NSF Center for the Mechanical Control of Chemistry

Innovation

Why should the world care about mechanochemical reactions, when we have perfectly good thermally, optically, and electrically driven chemical reactions?

One big reason is the potential for eliminating the need for costly, toxic, and wasteful solvents.  Industrial chemical synthesis is a multi-trillion dollar industry that globally represents 7% of all income, producing nearly a billion tons of products each year. Within the ~ $1T sub-sector of specialty chemicals, reactions are largely carried out in liquid solvents, requiring upwards of 30 tons of solvent for a 1 ton yield of useful product, resulting in over 5B gallons/yr of costly and toxic solvent waste.  Timely efforts in mechanochemical synthesis have demonstrated that many high-value chemicals can be synthesized with little or no solvent, sometimes with even higher yield than conventional synthetic methods!  Thus, improving our understanding of mechanochemistry will provide monumental improvements in the economics and environmental impact of the chemical industry.

Beyond the impacts to chemical synthesis, mechanochemistry lies at the very heart of tribochemistry, which underpins the key energy loss and failure mechanisms at interfaces in sliding contact.

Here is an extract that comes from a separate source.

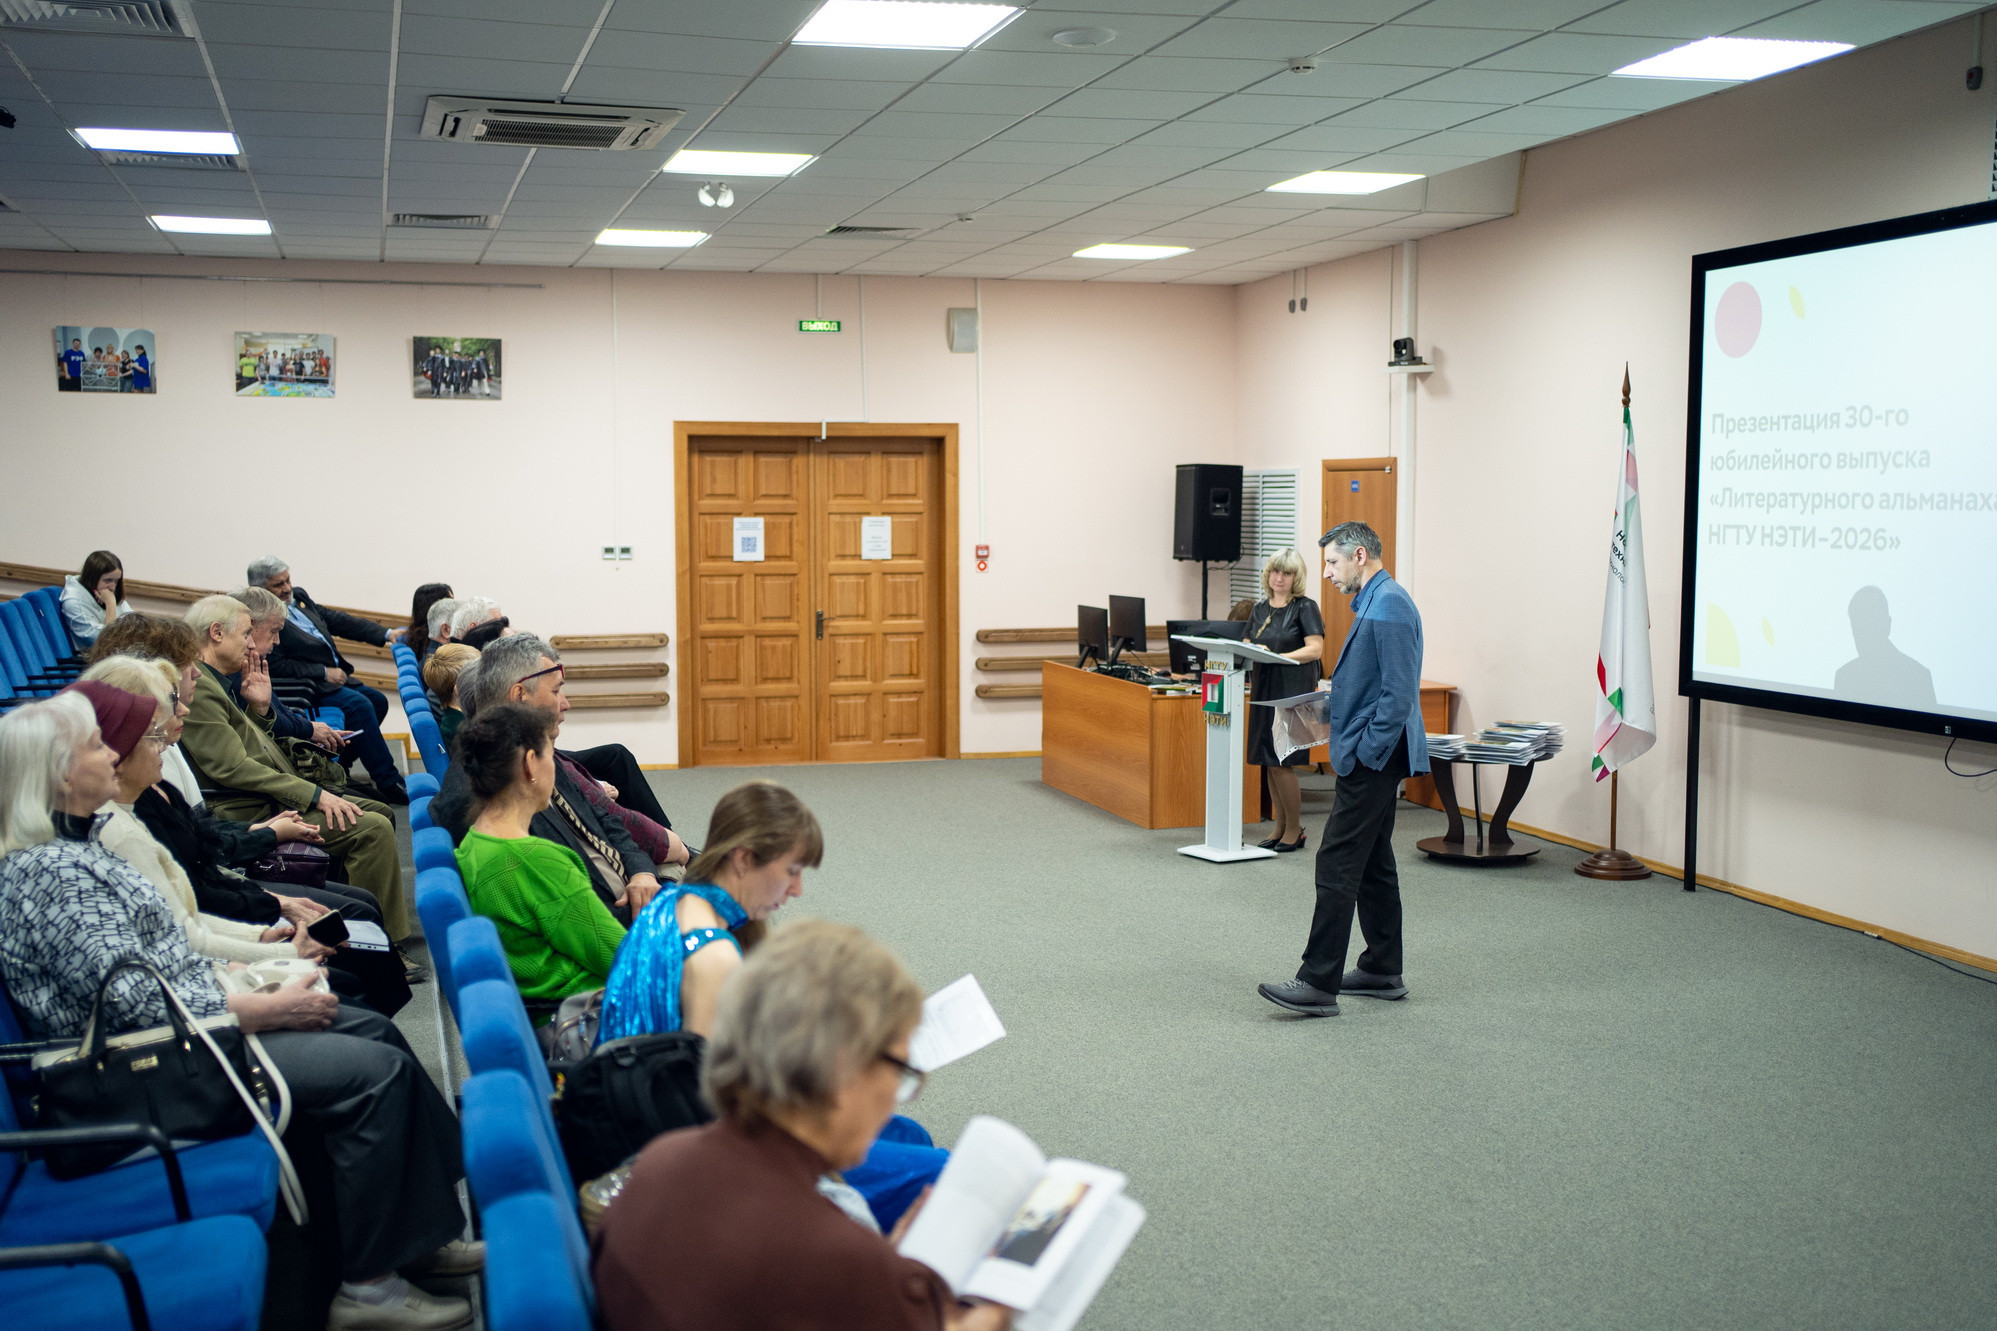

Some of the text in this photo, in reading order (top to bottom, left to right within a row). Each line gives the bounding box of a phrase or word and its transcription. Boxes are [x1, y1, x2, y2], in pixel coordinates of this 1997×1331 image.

In passenger vehicles, frictional losses in components consume 28% of fuel energy, and 66% of the energy in electricity generation is similarly lost to conversion inefficiencies. Design of mechanochemically-active lubricant additives is key to reducing friction and wear, which contributes to losses of ~$200 billion/year in the US alone. Thus, over its 13-year lifetime, CMCC’s findings will not only alter the vast chemical synthesis landscape, but could result in manifold improvements in energy efficiency.

In addition to fundamental research, the CMCC will also be establishing a Mechanochemistry Innovation Hub, to serve as a nexus, for pairing industry (and other interested stakeholders) with CMCC researchers to explore the feasibility of mechanochemical methods for adaption to critical processes.